#ubuntuforums 2011-08-01
<s-fox> Hello
<Bachstelze> hey s-fox 
<s-fox> Hey Bachstelze , how are you doing?
<Bachstelze> very well
<s-fox> Good to hear!
<Bachstelze> just got back from Tunisia yesterday
<Bachstelze> and dnow I must get ready to go to the States :p
<s-fox> Nice.
<Bachstelze> yourself ?
<s-fox> Not bad, just flew in from Tokyo at the weekend. Little jet lagged.
<s-fox> Trip to USA work or pleasure?
<Bachstelze> a little bit of both, I'll be an exchange student
<s-fox> That sounds like a lot of fun.
<Bachstelze> yeah, I'm really looking forward to it
<s-fox> I would be too. Exciting.
<s-fox> When do you fly? This week?
<Bachstelze> oh no, in September
<Bachstelze> but therer's a lot to do with visa stuff, etc.
 * s-fox nods.  I remember getting my visa for USA.  Bit of a pain ;)
<s-fox> At least you have plenty of time to get everything packed and sorted
<s-fox> Oh by the way, I have noticed your thread in the RC Bachstelze .  Not looked properly yet but will have a look soon.
<Bachstelze> okay, great
<s-fox> Hey nothingspecial  :)
<nothingspecial> s-fox: Hey:)
<s-fox> How are you?
<nothingspecial> fine thanks, and you?
<s-fox> A little tired, jet lagged.

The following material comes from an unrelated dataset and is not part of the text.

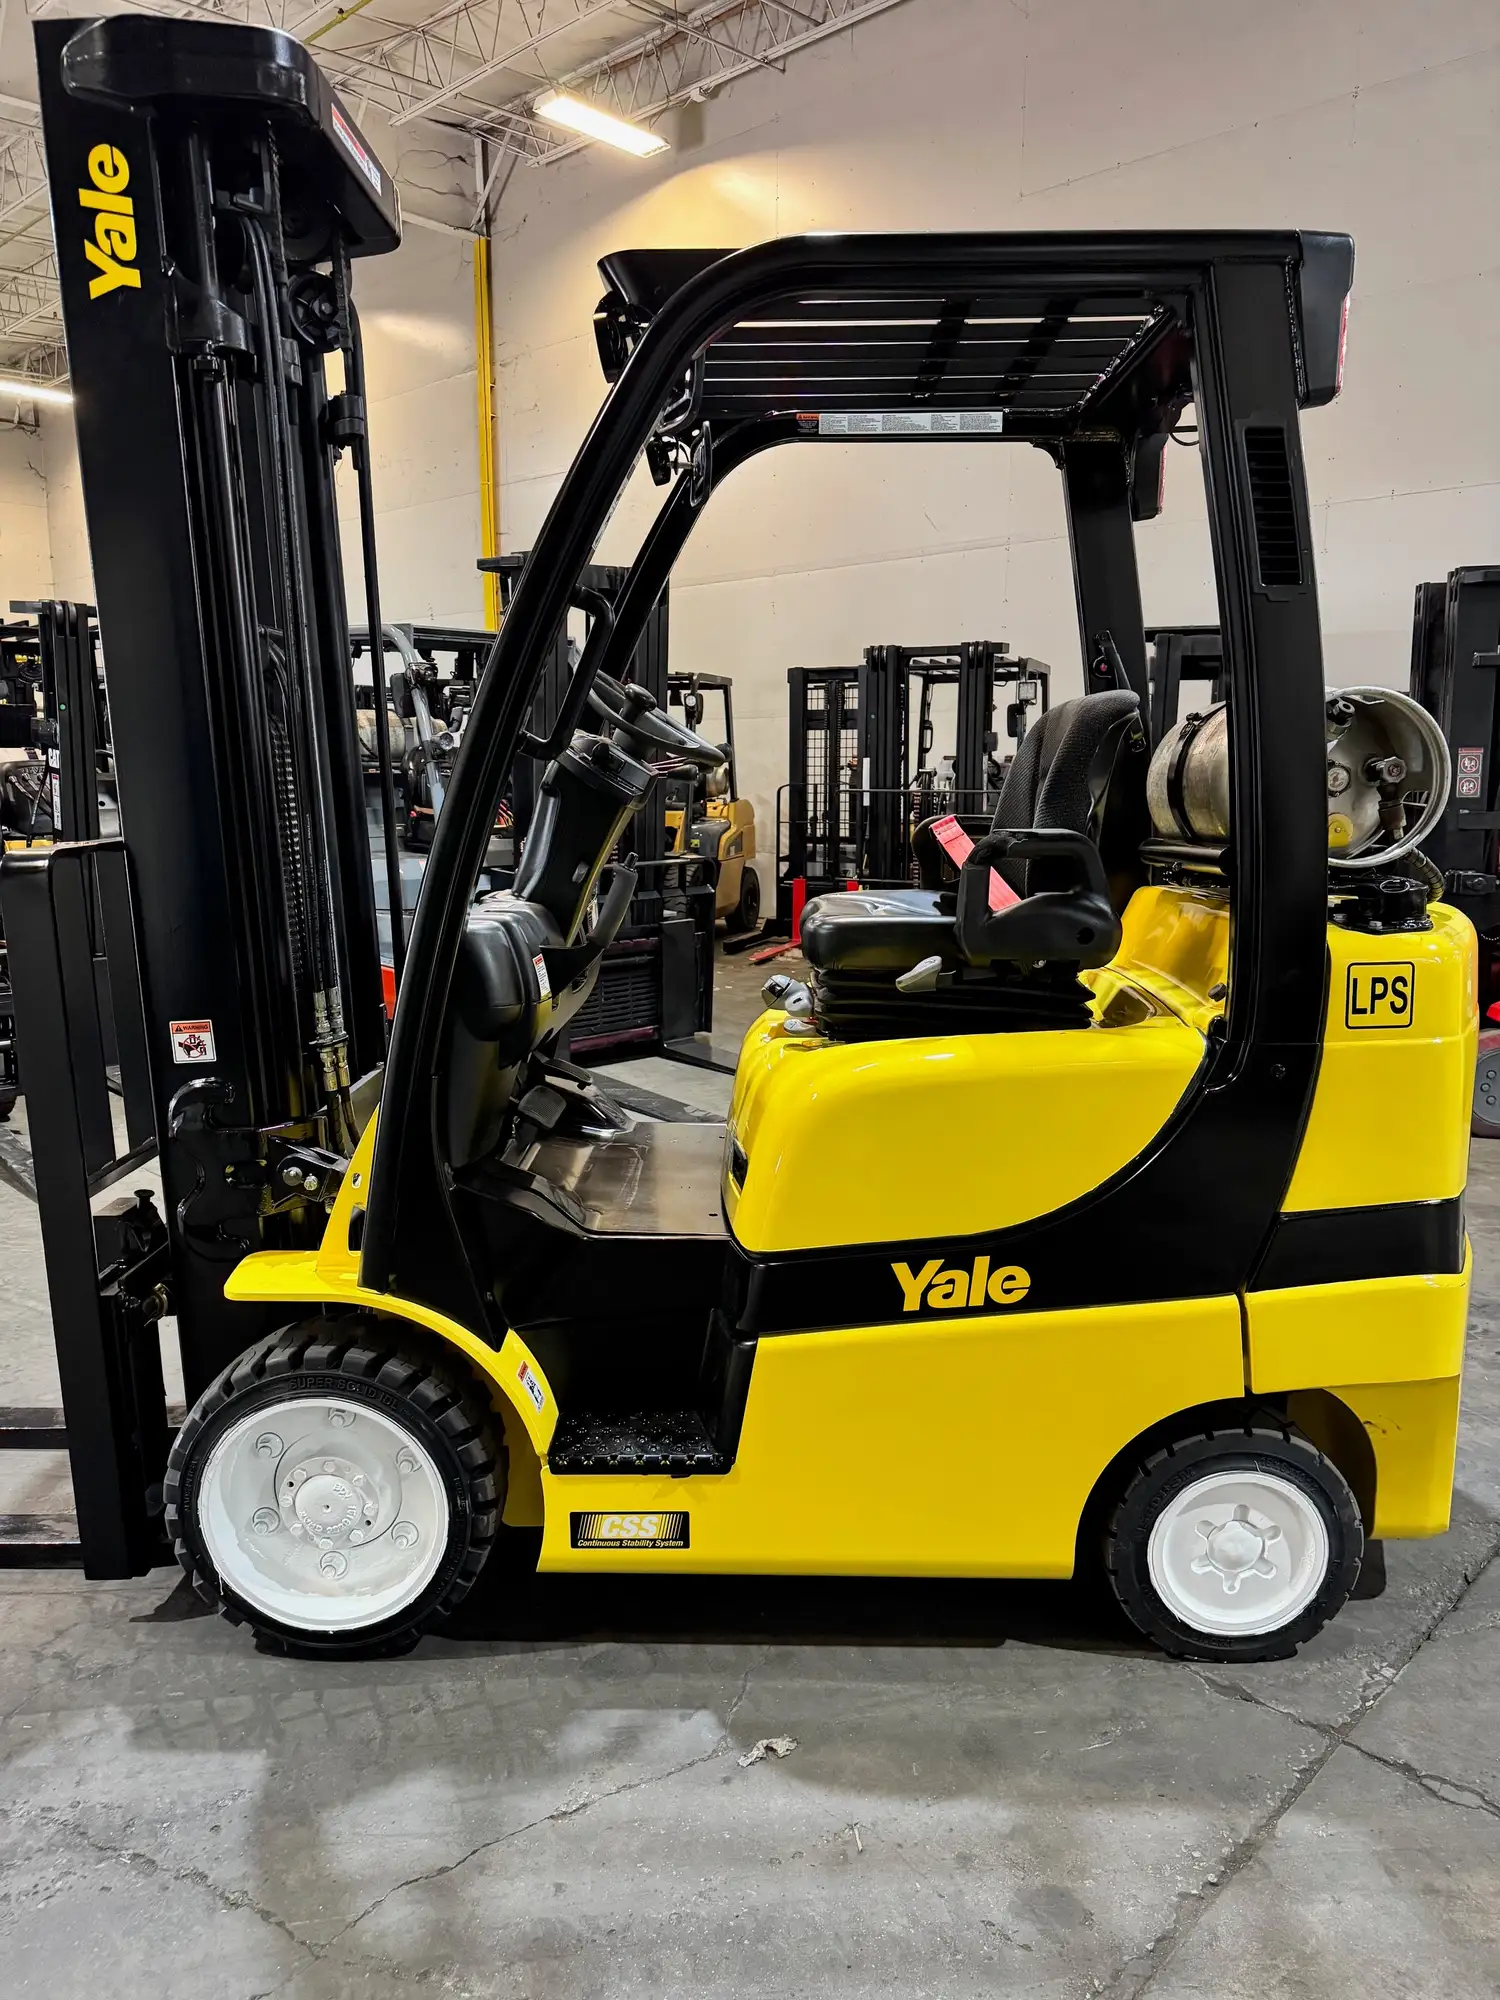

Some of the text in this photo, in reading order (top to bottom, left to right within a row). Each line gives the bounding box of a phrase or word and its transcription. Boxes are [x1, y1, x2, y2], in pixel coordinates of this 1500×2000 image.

Also at work which sucks. ;)
<lordievader> Hello
<s-fox> O/
#ubuntuforums 2011-08-02
<rectec794613> do you guys help out kde users or is there a special channel for that?
<Pici> rectec794613: technically the support channels are #ubuntu and #kubuntu, #ubuntuforums is sadly a lot quieter than those channels.
<rectec794613> aw
<rectec794613> ok thanks i'll be on kubuntu
#ubuntuforums 2011-08-03
<sdhasu> suck my dick
<sdhasu> !ops
<ubot4> zenrox, byen, frodon, KiwiNZ, zenwhen, jdong, KingBahamut, PriceChild, ubuntugeek, ubuntu_demon, darkmatter, Brunellus, panickedthumb, jenda, Teknoviking, k_mandla, bapoumba, jacob, macogw, bodhi_zazen, LaRoza or pmdgandalf!
<sdhasu> !staff
<ubot4> hey Christel, Dave2, Gary, KB1JWQ, Levia, Martinp23, SportsChick, VorTechS, jayne, jenda, marienz, nalioth, niko, nhandler, rob, stew or tomaw, I could use a bit of your time :)
<sdhasu> suck my dick
<sdhasu> !staff
<sdhasu> !ops
<sdhasu> suck my cock
<Scaatis> Hello. My .xsession-errors file is filled with hundreds of the following message: "(nautilus:1597): GLib-GObject-CRITICAL **: g_value_get_object: assertion `G_VALUE_HOLDS_OBJECT (value)' failed"
<Scaatis> any idea what is causing that?
#ubuntuforums 2011-08-05
<s-fox> Hello.
<s-fox> Time to go. Goodbye.
<Duckfd> Hello, I am Aquix
#ubuntuforums 2011-08-07
<Shadow__X> is there any revision systems that handle word document changes like dropbox does?